But, if we have said that there is “all-risk” insurance, how is it possible that there are circumstances in which our insurance does not cover us? Usually, this happens because the party that contracted the insurance acts maliciously for the insurance to pass on the amount, or one of the parties acts in such a way that the correct measures are not taken. A clear example can be a drunk driver who may spoil our merchandise.
In legal terms, good faith must prevail in a relationship between policyholders. Otherwise, our insurance may not cover possible damages or losses.

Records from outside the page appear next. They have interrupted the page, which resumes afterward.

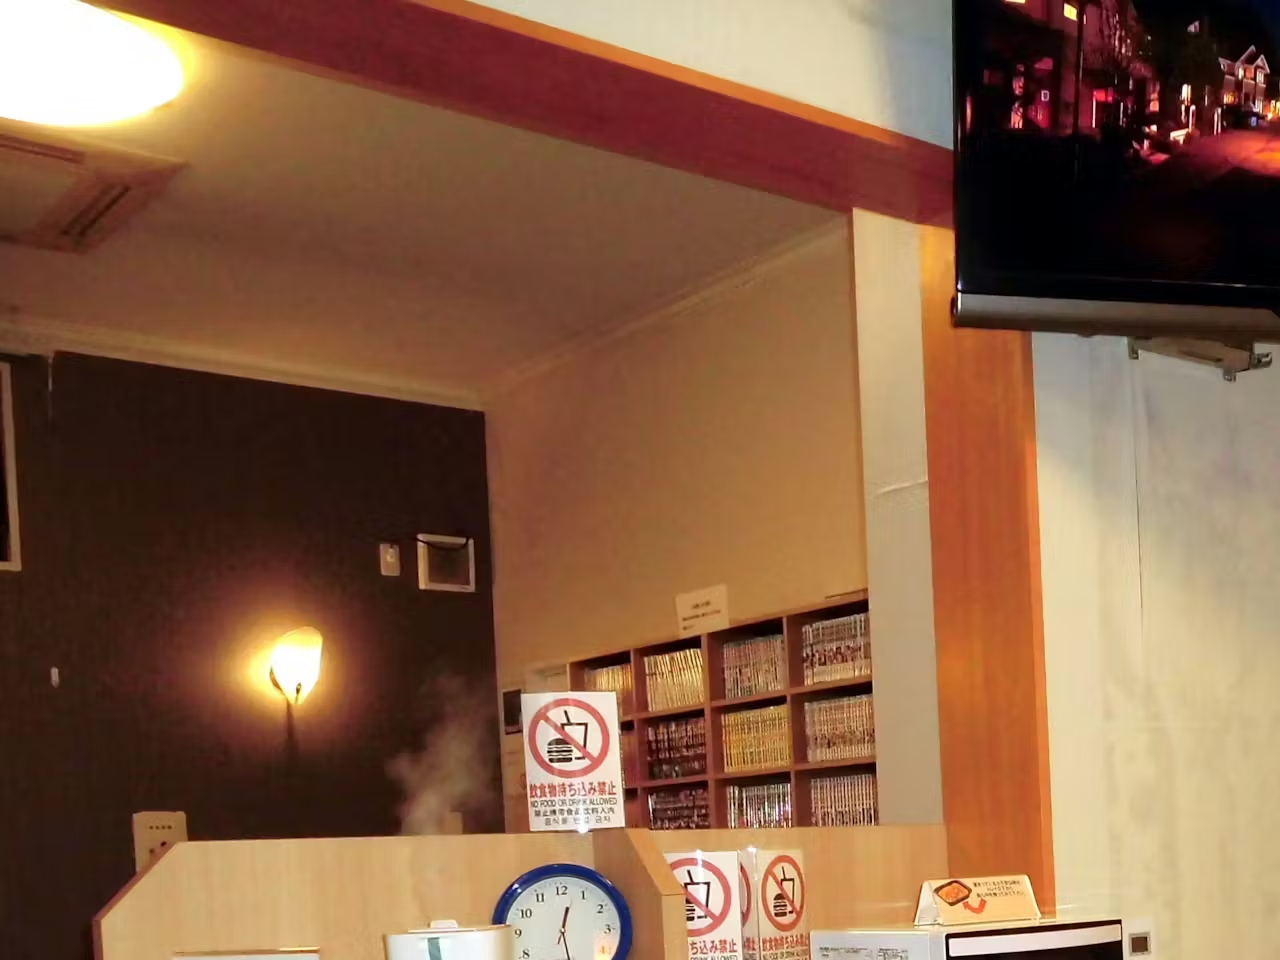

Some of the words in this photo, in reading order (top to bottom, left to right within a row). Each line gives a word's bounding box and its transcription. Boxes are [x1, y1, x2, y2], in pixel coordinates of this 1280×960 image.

[529, 781, 616, 798] 飲食物持ち込み禁止
[531, 800, 538, 808] NO
[540, 799, 557, 807] FOOD
[558, 799, 567, 807] OR
[589, 797, 617, 806] ALLOWED
[555, 885, 568, 896] 12
[581, 890, 586, 900] 1
[535, 893, 545, 903] 11
[520, 908, 532, 919] 10
[597, 904, 604, 914] 2
[514, 929, 522, 938] 9
[604, 924, 612, 934] 3
[690, 938, 737, 955] ち込み禁止
[522, 948, 530, 959] 8
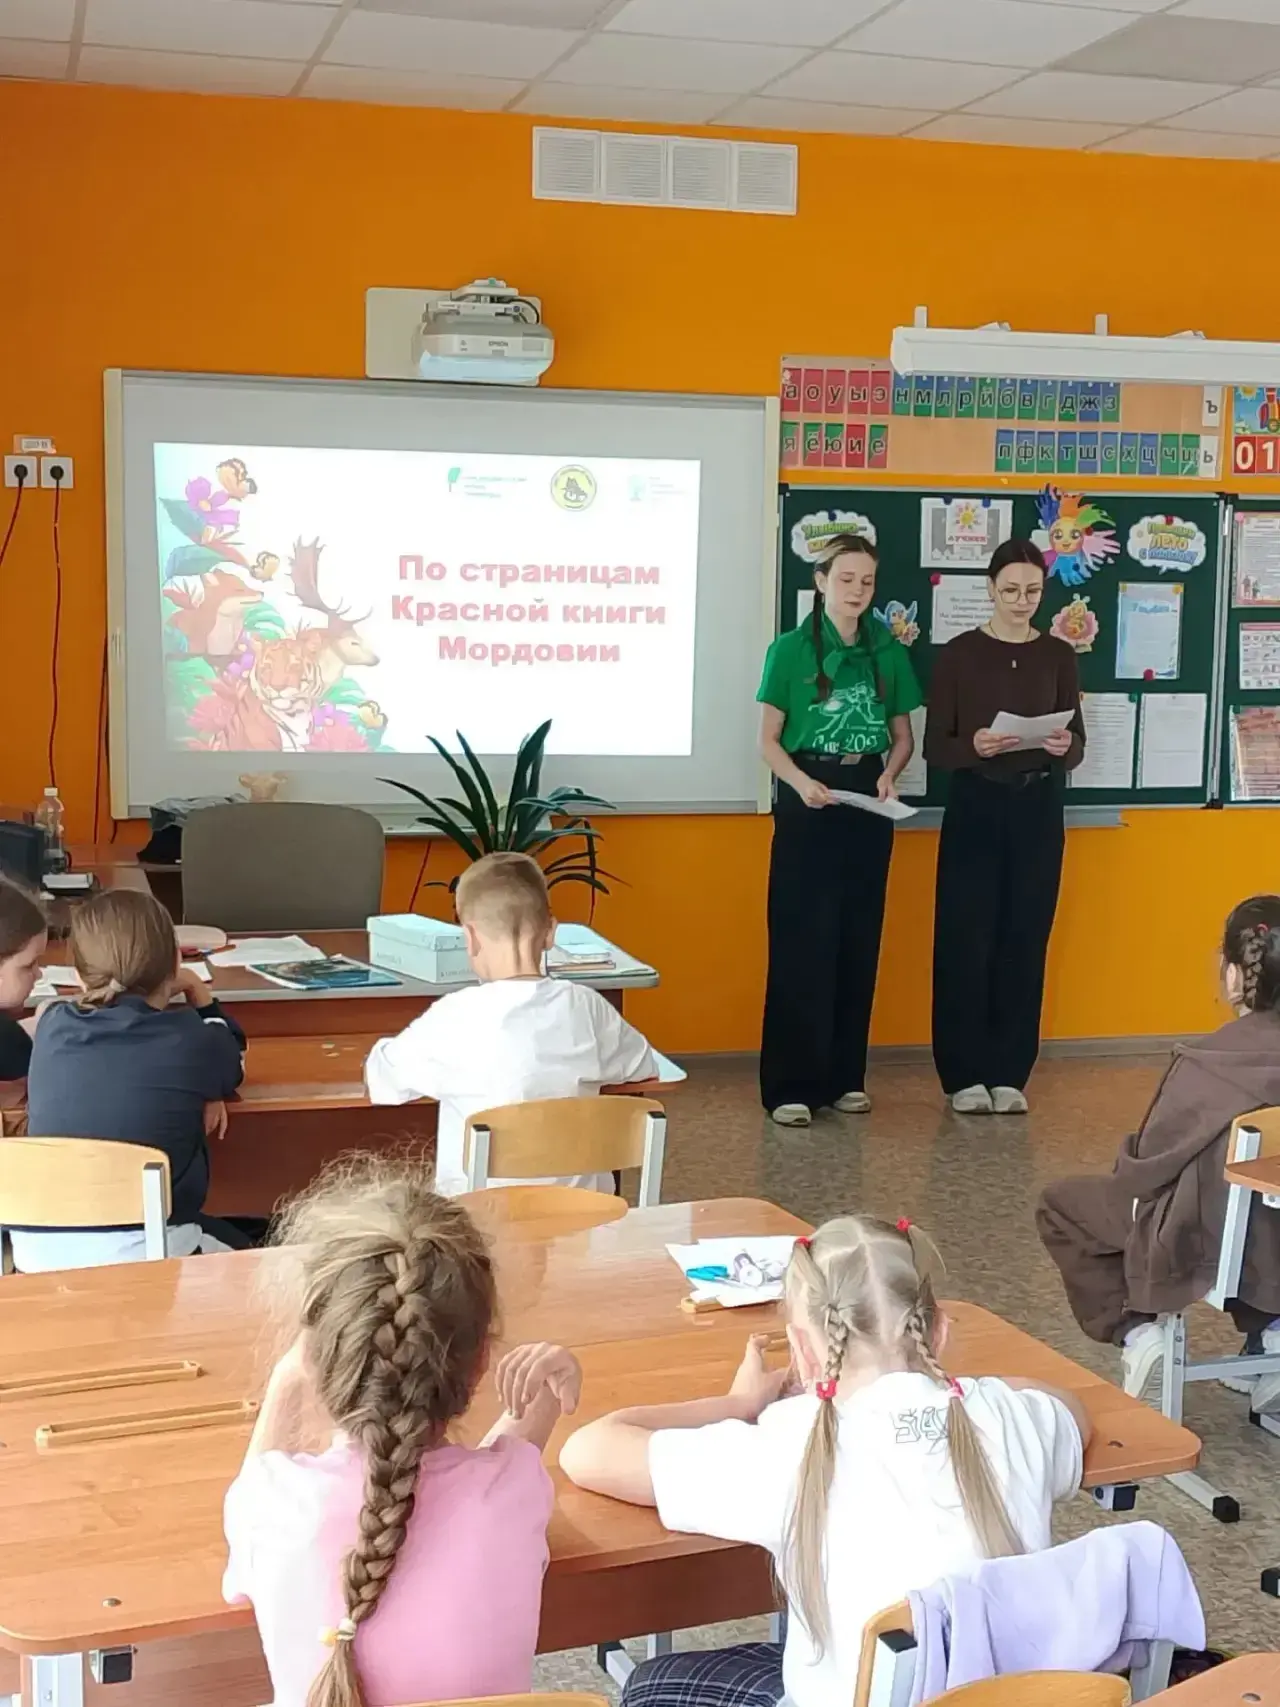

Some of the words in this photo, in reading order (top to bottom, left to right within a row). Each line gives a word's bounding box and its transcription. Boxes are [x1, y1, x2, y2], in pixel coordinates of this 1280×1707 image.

[398, 555, 447, 581] По
[459, 562, 660, 588] страницам
[391, 595, 549, 627] Красной
[562, 604, 667, 624] книги
[438, 636, 621, 667] Мордовии
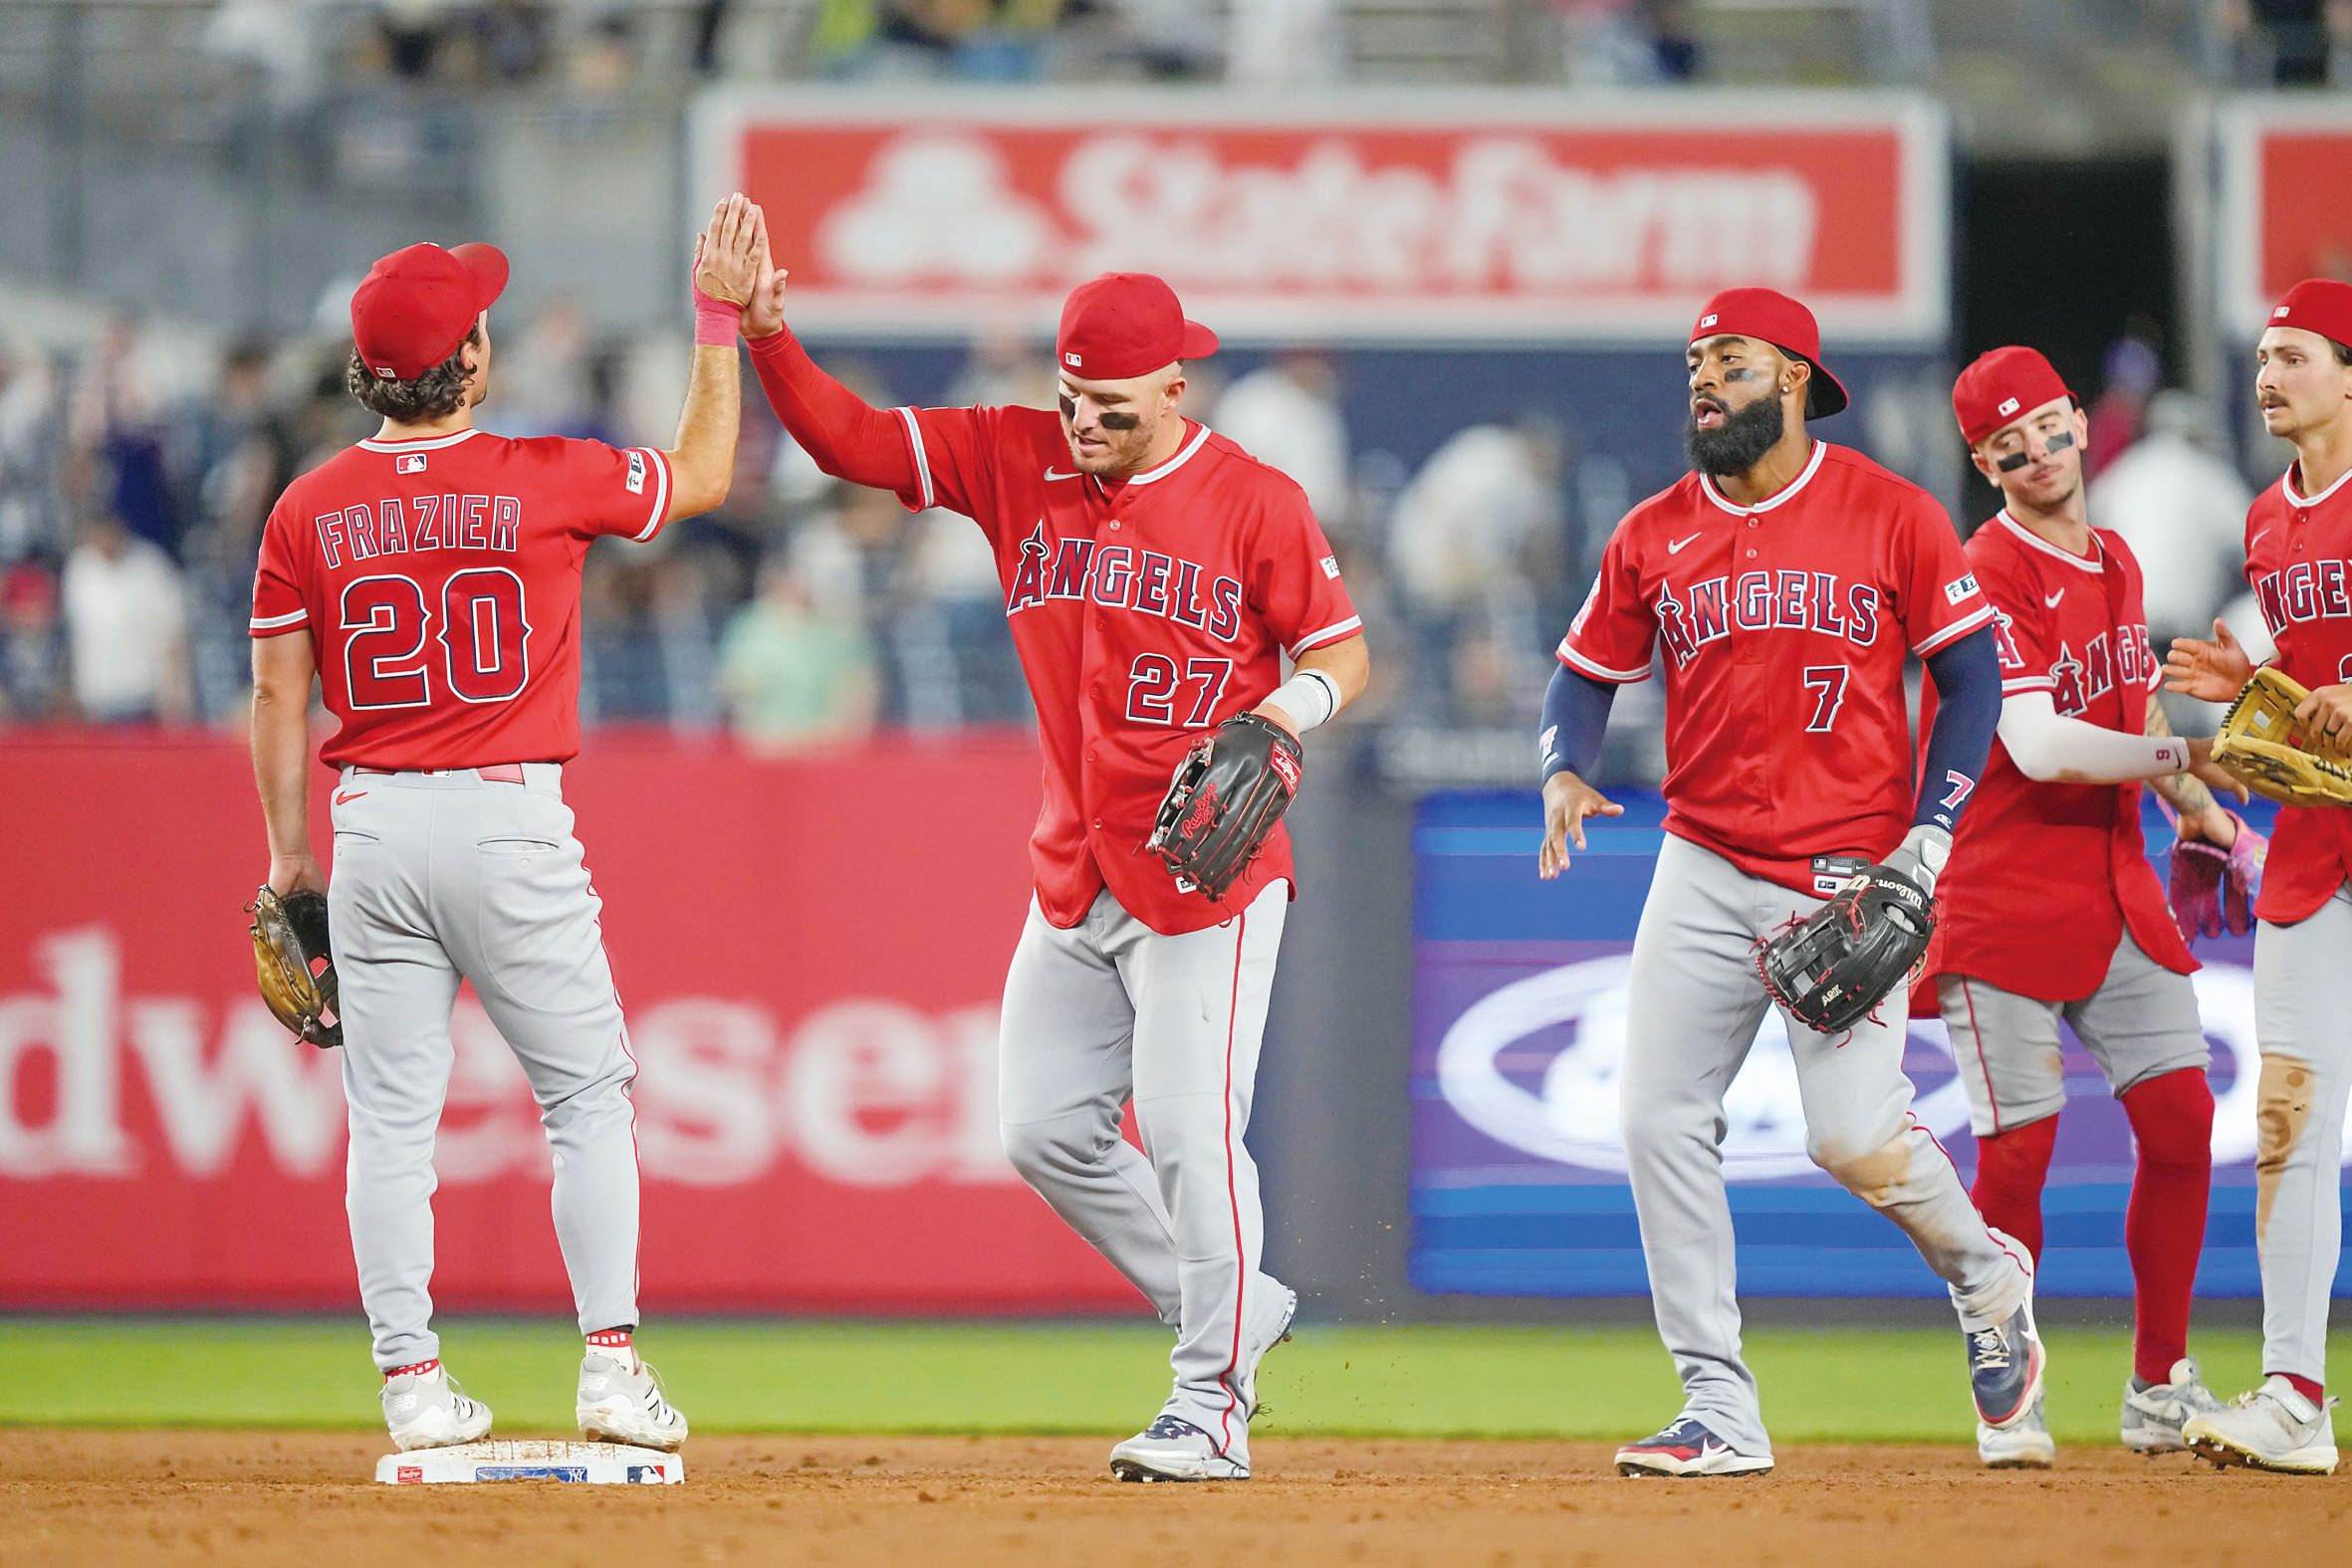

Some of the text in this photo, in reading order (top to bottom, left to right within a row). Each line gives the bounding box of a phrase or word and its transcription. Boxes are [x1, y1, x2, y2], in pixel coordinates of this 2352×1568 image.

[315, 494, 522, 570] FRAZIER
[1006, 519, 1243, 643] ANGELS
[339, 566, 533, 710] 20
[1655, 569, 1879, 673] ANGELS
[1125, 652, 1235, 728] 27
[1804, 665, 1849, 733] 7
[1181, 783, 1218, 839] Rawlings
[1939, 770, 1976, 810] 7

Some of the situations that GIT will not cover are:
- Expenses incurred for the delay.
- Manifest vice.
- Inadequate packing.
- Negligent conduct of the carrier.
- Bad faith or fraudulent conduct by the insured.
Is GIT a legal requirement?
GIT Insurance is not required by law; however, if a business delivers a purchase of goods or courier service, it must have a GIT insurance policy. Also, it is beneficial for those who have recovery and trade businesses. GIT is also essential at the time of transporting business equipment, as the cost of damaged goods can be fatal for a company’s bottom line. If you want to learn more about business insurance, take a look at our post describing everything you need to know about business insurance (Link to business insurance post).
How to calculate Goods in Transit Insurance
The factors that are often taken into account when calculating GIT are:
- Commercial invoice, the price of the policy will depend directly on it. It will not be the same price if the insured merchandise is covered in plastic as if it is a high-value car.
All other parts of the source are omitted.